[Items from a data source]
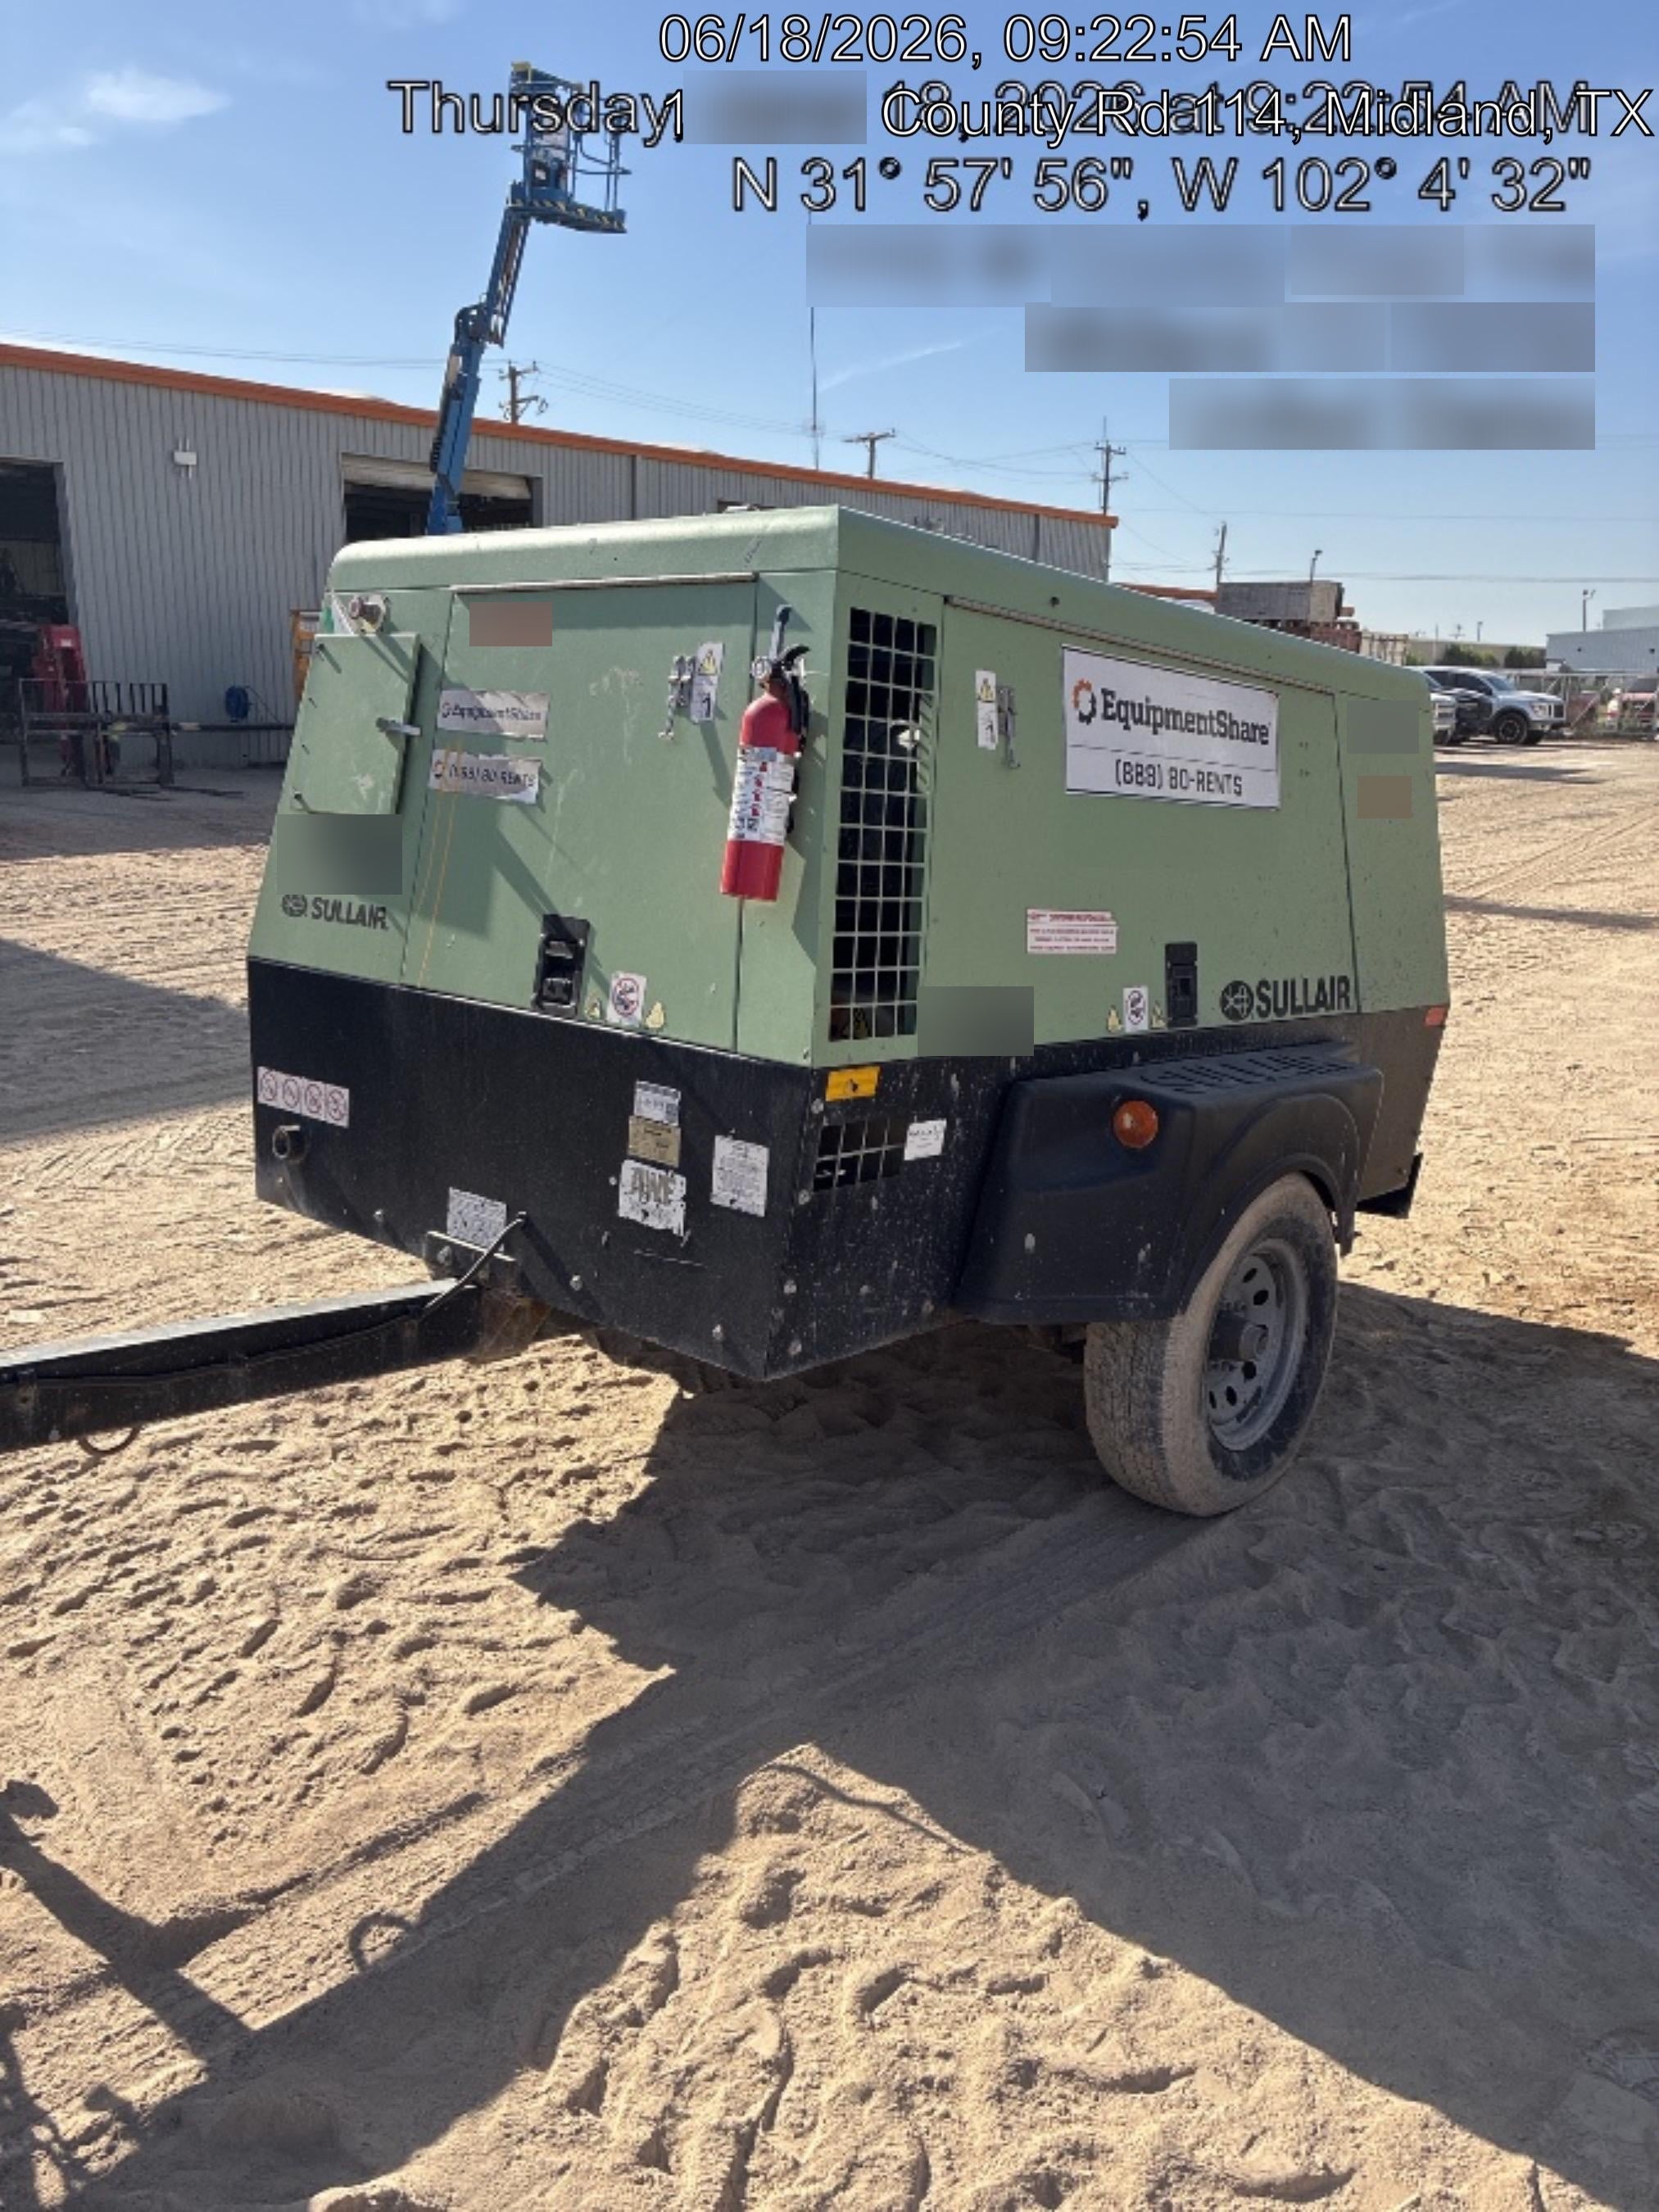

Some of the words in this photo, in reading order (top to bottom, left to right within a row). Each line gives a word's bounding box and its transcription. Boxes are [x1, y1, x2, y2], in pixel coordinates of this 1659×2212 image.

[1100, 687, 1269, 746] EquipmentShare
[1115, 759, 1164, 791] (888)
[1168, 766, 1243, 797] 80-RENTS
[311, 896, 389, 931] SULLAIR
[1255, 974, 1352, 1019] SULLAIR

> WHAT YOU NEED TO DO
Retype every entry verbatim and exclude the pictures from the copy.

> EXPECTED OUTPUT
Some of the words in this photo, in reading order (top to bottom, left to right within a row). Each line gives a word's bounding box and its transcription. Boxes are [x1, y1, x2, y2], in pixel coordinates of this 1659×2212 image.

[1100, 687, 1269, 746] EquipmentShare
[1115, 759, 1164, 791] (888)
[1168, 766, 1243, 797] 80-RENTS
[311, 896, 389, 931] SULLAIR
[1255, 974, 1352, 1019] SULLAIR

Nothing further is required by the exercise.